Perfect subgroups of $S^3$

Question

Are there any finite perfect subgroups of the sphere $S^3\cong SU(2)$ different from $SL_2(\mathbb{F}_5)$ (I consider the Lie group structure of $S^3$)?

Answer 1

No. I am not aware of any "insightful" proofs. I just go to the list here and abelianize all the group presentations.

For fun, here is the result of this calculation. Whenever I say "the abelianized presentation" I am giving a description of the group as a quotient of $\Bbb Z^n$ by some relations, as opposed to the free group $F_n$.

1) If $\pi_1$ is cyclic, then of course $H_1$ is the same cyclic group.

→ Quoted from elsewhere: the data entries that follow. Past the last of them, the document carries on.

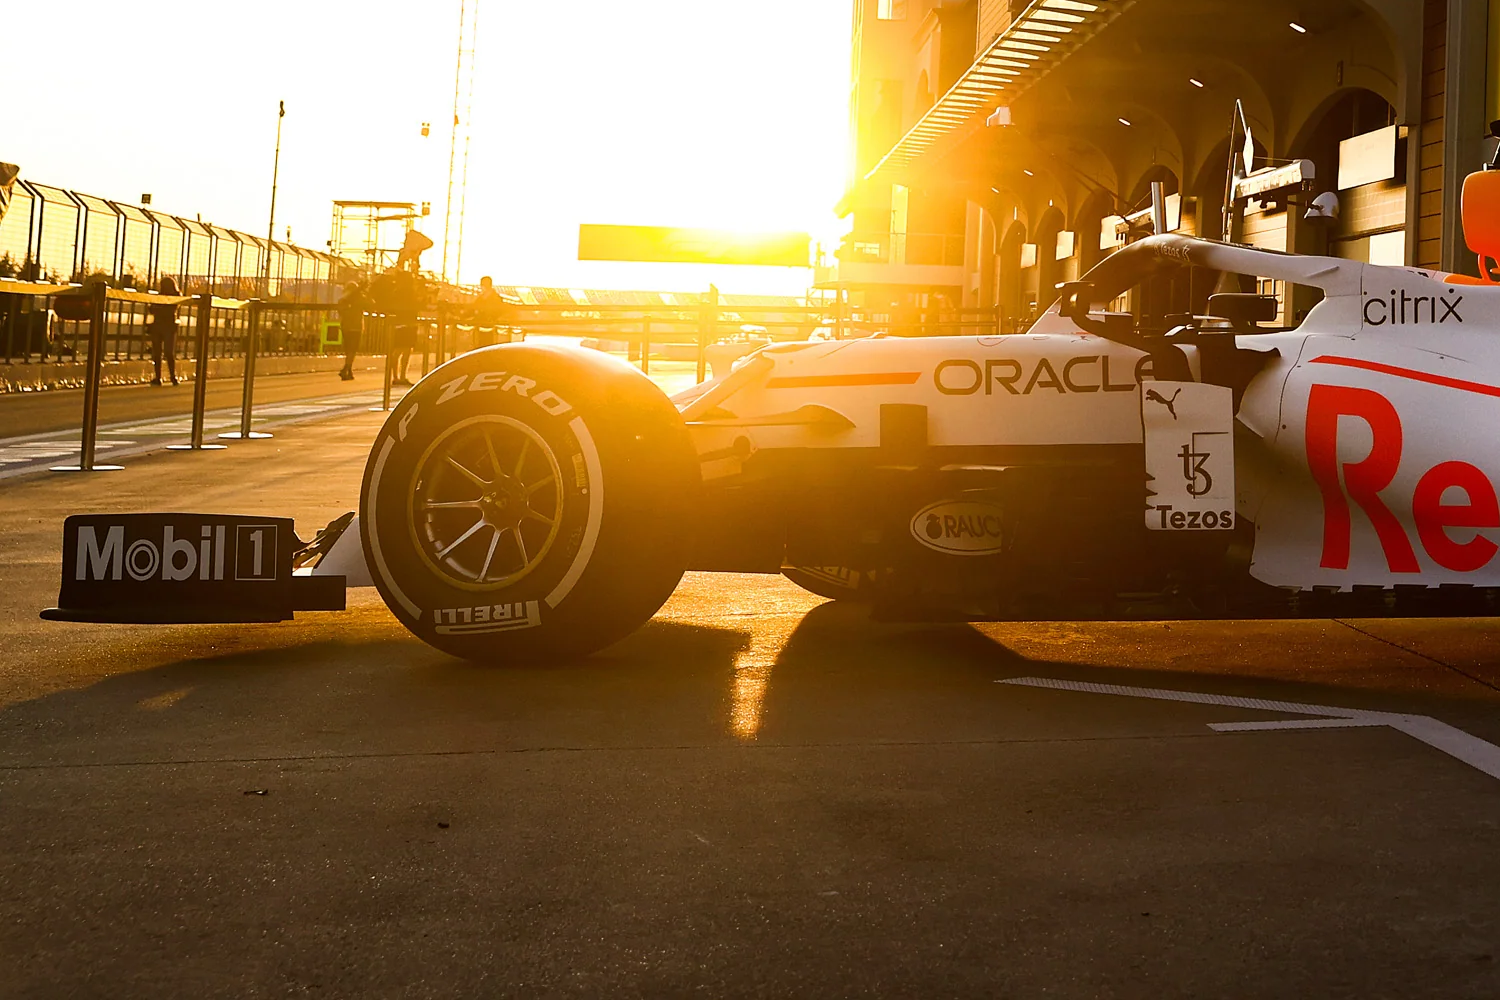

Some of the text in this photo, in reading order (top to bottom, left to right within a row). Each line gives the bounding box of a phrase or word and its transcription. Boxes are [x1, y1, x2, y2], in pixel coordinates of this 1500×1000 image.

[1363, 289, 1463, 326] citrix
[399, 371, 572, 442] P ZERO
[1155, 504, 1233, 529] Tezos
[75, 525, 226, 581] Mobil
[434, 600, 541, 635] PIRELLI
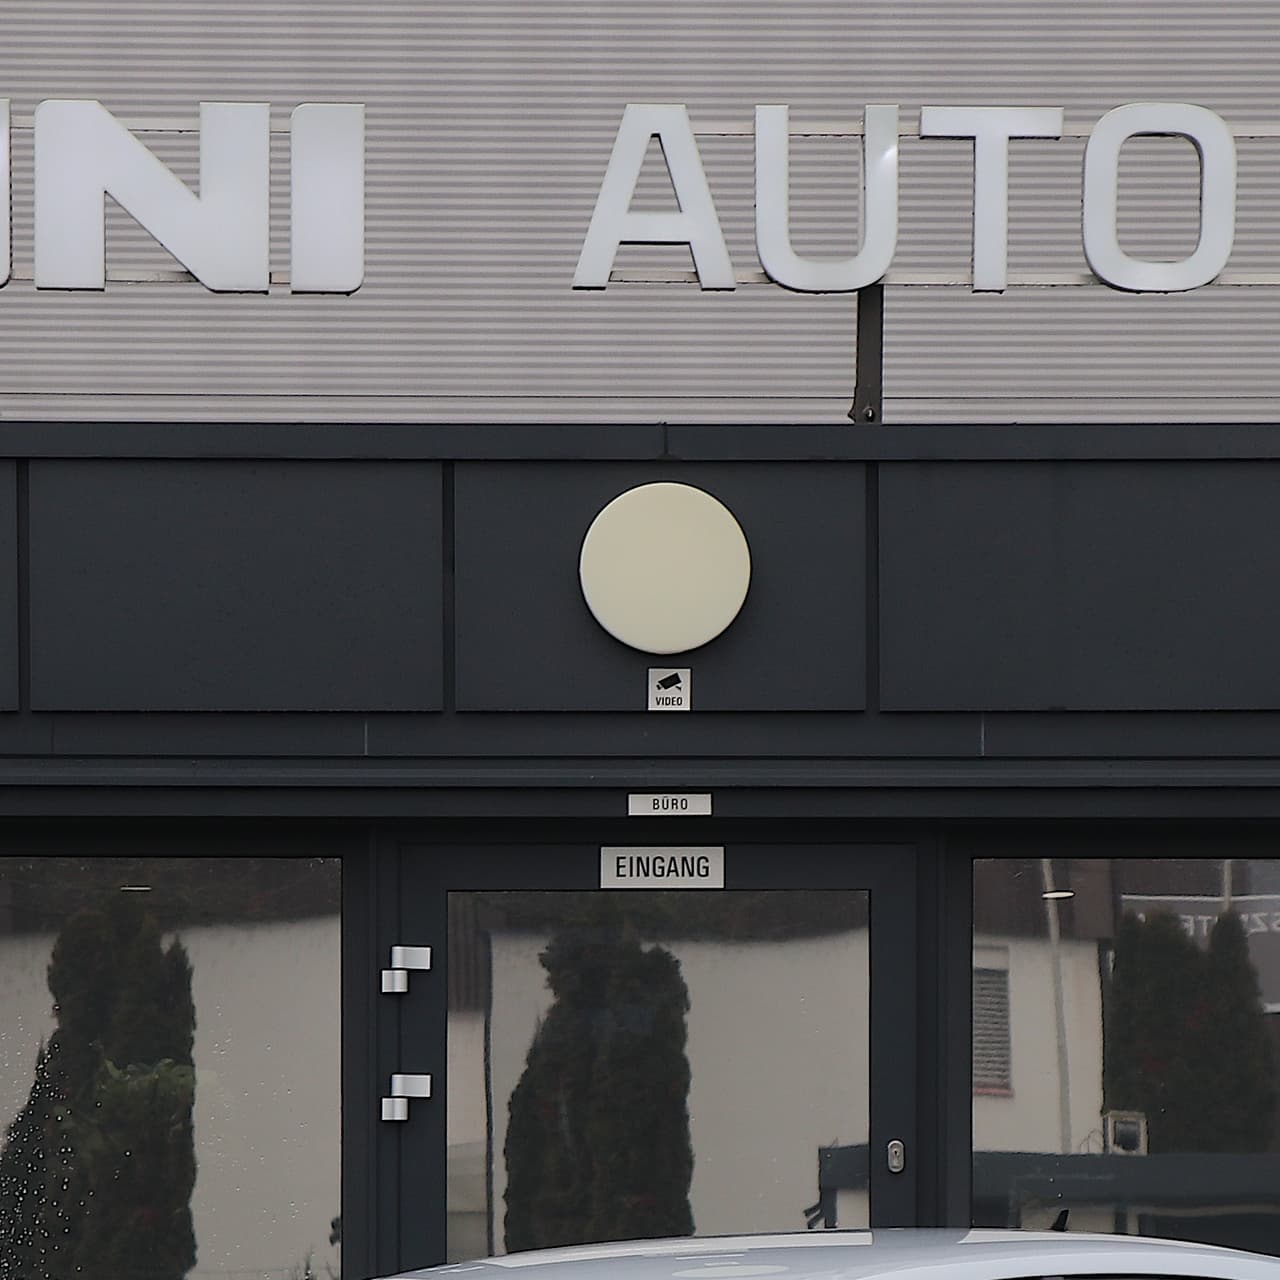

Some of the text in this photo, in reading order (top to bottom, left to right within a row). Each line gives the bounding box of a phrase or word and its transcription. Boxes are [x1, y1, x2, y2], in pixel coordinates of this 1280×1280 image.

[570, 100, 1237, 294] AUTO
[655, 696, 683, 707] VIDEO
[652, 796, 688, 810] BÜRO
[615, 855, 710, 878] EINGANG

2) If $\pi_1 = \langle x,y \mid xyx^{-1} = y^{-1}, x^{2m} = y^n\rangle$ is the fundamental group of one of the 'prism manifolds', where $m$ and $n$ are coprime and $n \geq 2$, then $H_1 = \langle x, y \mid 2y = 0, 2mx = ny\rangle$. If $n$ is even, we obtain $\Bbb Z/2 \oplus \Bbb Z/2m$; if $n$ is odd we obtain $\Bbb Z/4m$.

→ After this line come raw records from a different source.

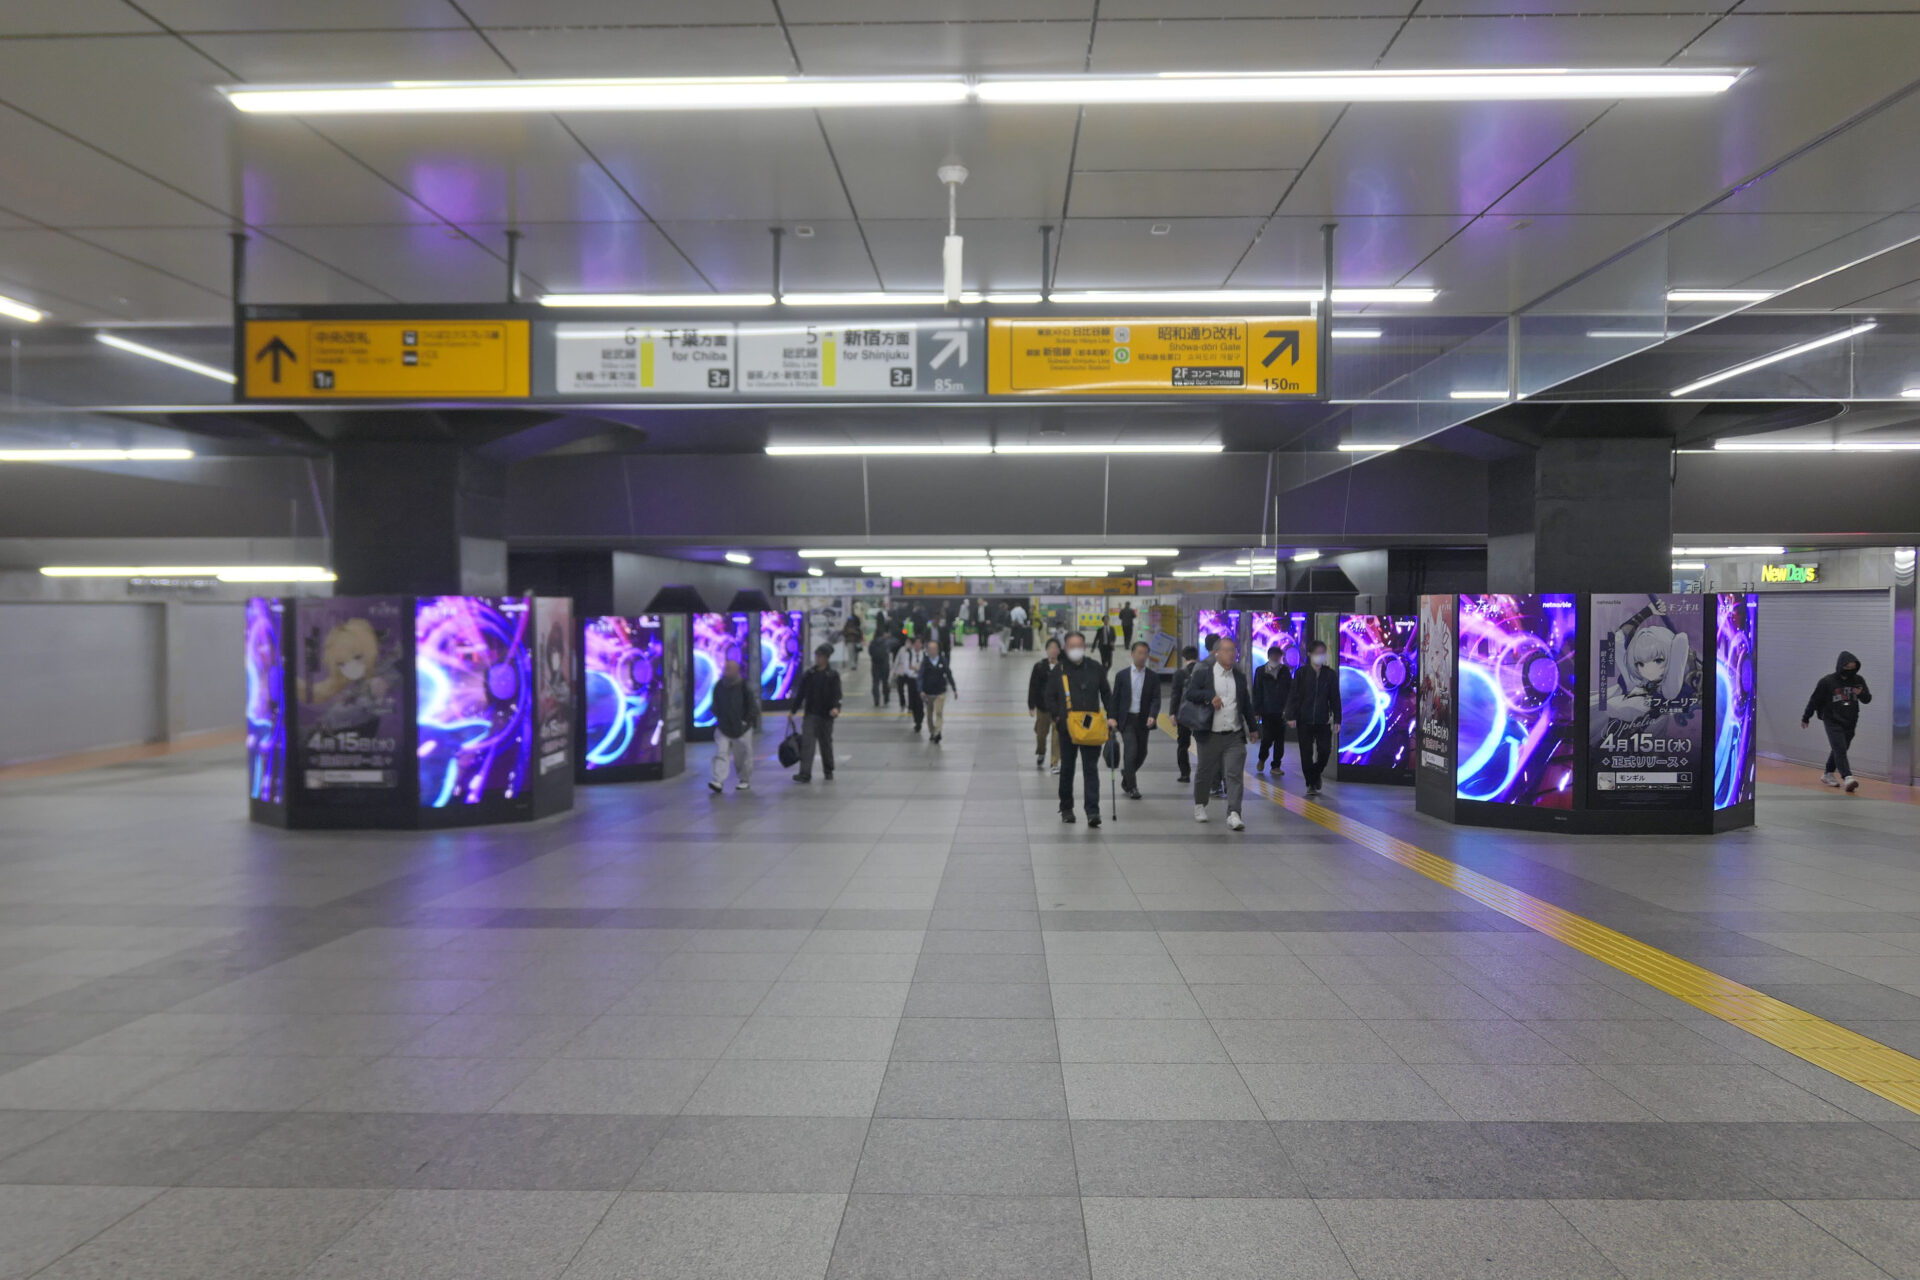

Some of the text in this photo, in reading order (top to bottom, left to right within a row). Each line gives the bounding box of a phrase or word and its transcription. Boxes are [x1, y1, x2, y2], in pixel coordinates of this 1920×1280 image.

[625, 327, 636, 345] 6
[662, 329, 728, 347] 千葉方面
[806, 326, 817, 344] 5
[843, 329, 909, 346] 新宿方面
[1158, 326, 1242, 341] 昭和通り改札
[1220, 342, 1240, 351] Gate
[672, 351, 728, 361] for Chiba
[843, 350, 909, 361] for Shinjuku
[710, 370, 728, 387] 3F
[892, 369, 910, 386] 3F
[1174, 367, 1188, 378] 2F
[1191, 370, 1241, 378] コンコース経由
[935, 378, 964, 391] 85m
[1263, 378, 1299, 390] 150m
[1761, 563, 1815, 583] NewDays
[1668, 603, 1699, 611] モンギル
[1644, 698, 1698, 707] オフィーリア
[1600, 733, 1692, 752] 4月15日(水)
[1611, 756, 1679, 768] 正式リリース

3) In the tetrahedral case, $\pi_1 = \langle x, y, z \mid (xy)^2 = x^2 = y^2, zxz^{-1} = y, zyz^{-1} = xy, z^{3m} = 1\rangle$ where $m$ is a positive odd integer. The abelianized presentation is $$\langle x, y, z \mid 2x = 0, 2y = 0, x = y, x = 0, 3mz = 0\rangle;$$ clearly we may simplify this to $\Bbb Z/3m$, where $m$ is positive and odd.

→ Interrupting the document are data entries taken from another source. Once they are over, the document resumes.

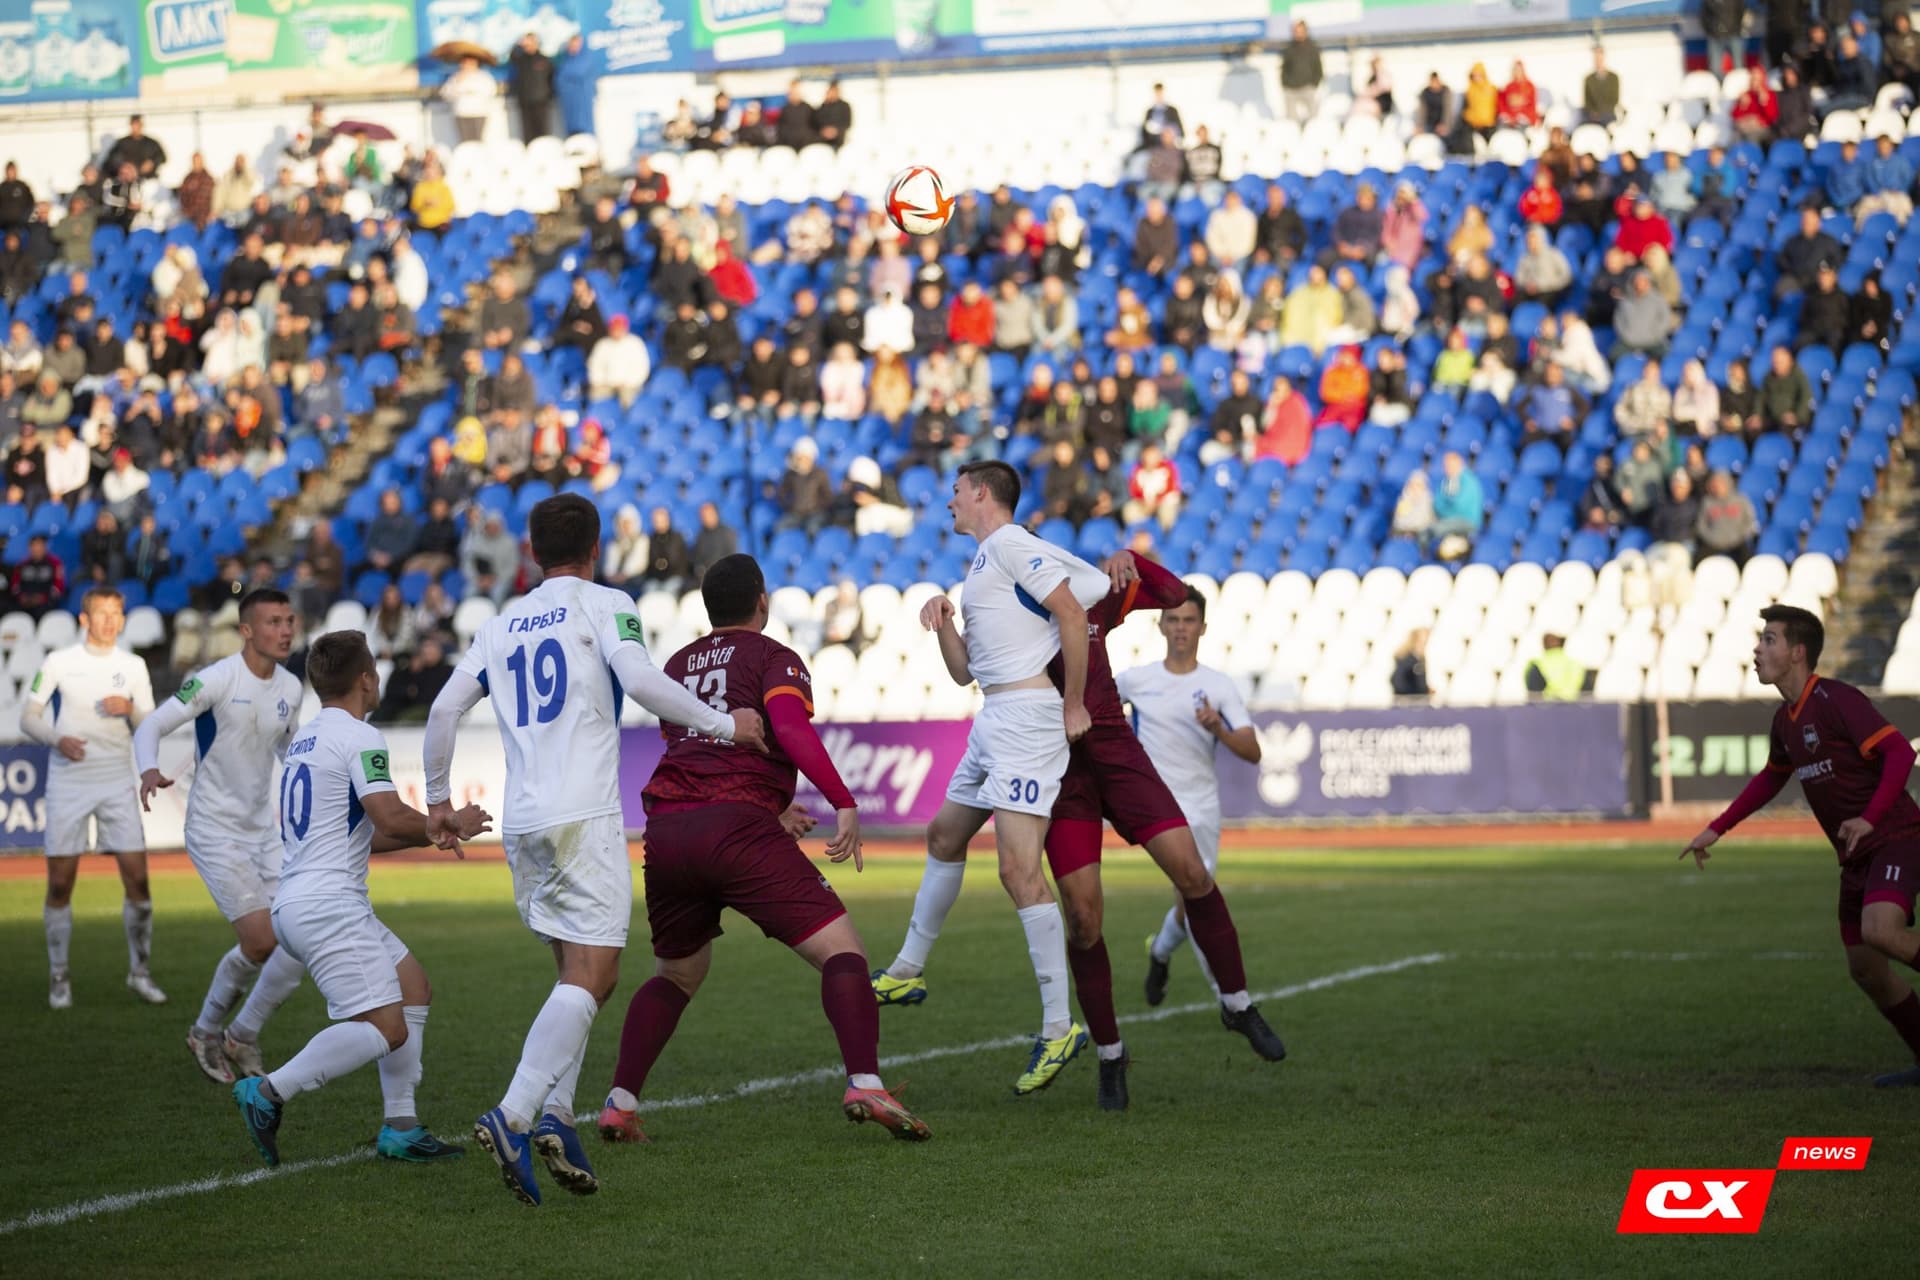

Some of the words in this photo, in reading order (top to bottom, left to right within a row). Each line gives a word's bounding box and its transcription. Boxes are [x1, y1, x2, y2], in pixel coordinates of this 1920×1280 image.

[508, 607, 567, 633] ГАРБУЗ
[687, 646, 736, 673] СЫЧЕВ
[507, 638, 567, 727] 19
[281, 763, 312, 842] 10
[1009, 778, 1039, 804] 30
[1885, 864, 1901, 881] 11

4) The octahedral case is $\pi_1 = \langle x, y \mid (xy)^2 = x^3 = y^4\rangle$. The abelianized presentation is $$\langle x, y \mid 2x = 2y, x = 2y\rangle = \Bbb Z/2.$$

5) Finally, the icosahedral case is $\pi_1 = \langle x,y \mid (xy)^2 = x^3 = y^5\rangle$, and the abelianized presentation is $$\langle x, y \mid x = 2y \mid 2x = 5y\rangle$$ but because $(1,2)$ and $(2,5)$ generate $\Bbb Z^2$, this is the trivial group, as desired.

Coincidentally, this says that every spherical 3-manifold which is an integer homology sphere is either $S^3$ or the Poincare sphere $\Sigma(2,3,5)$.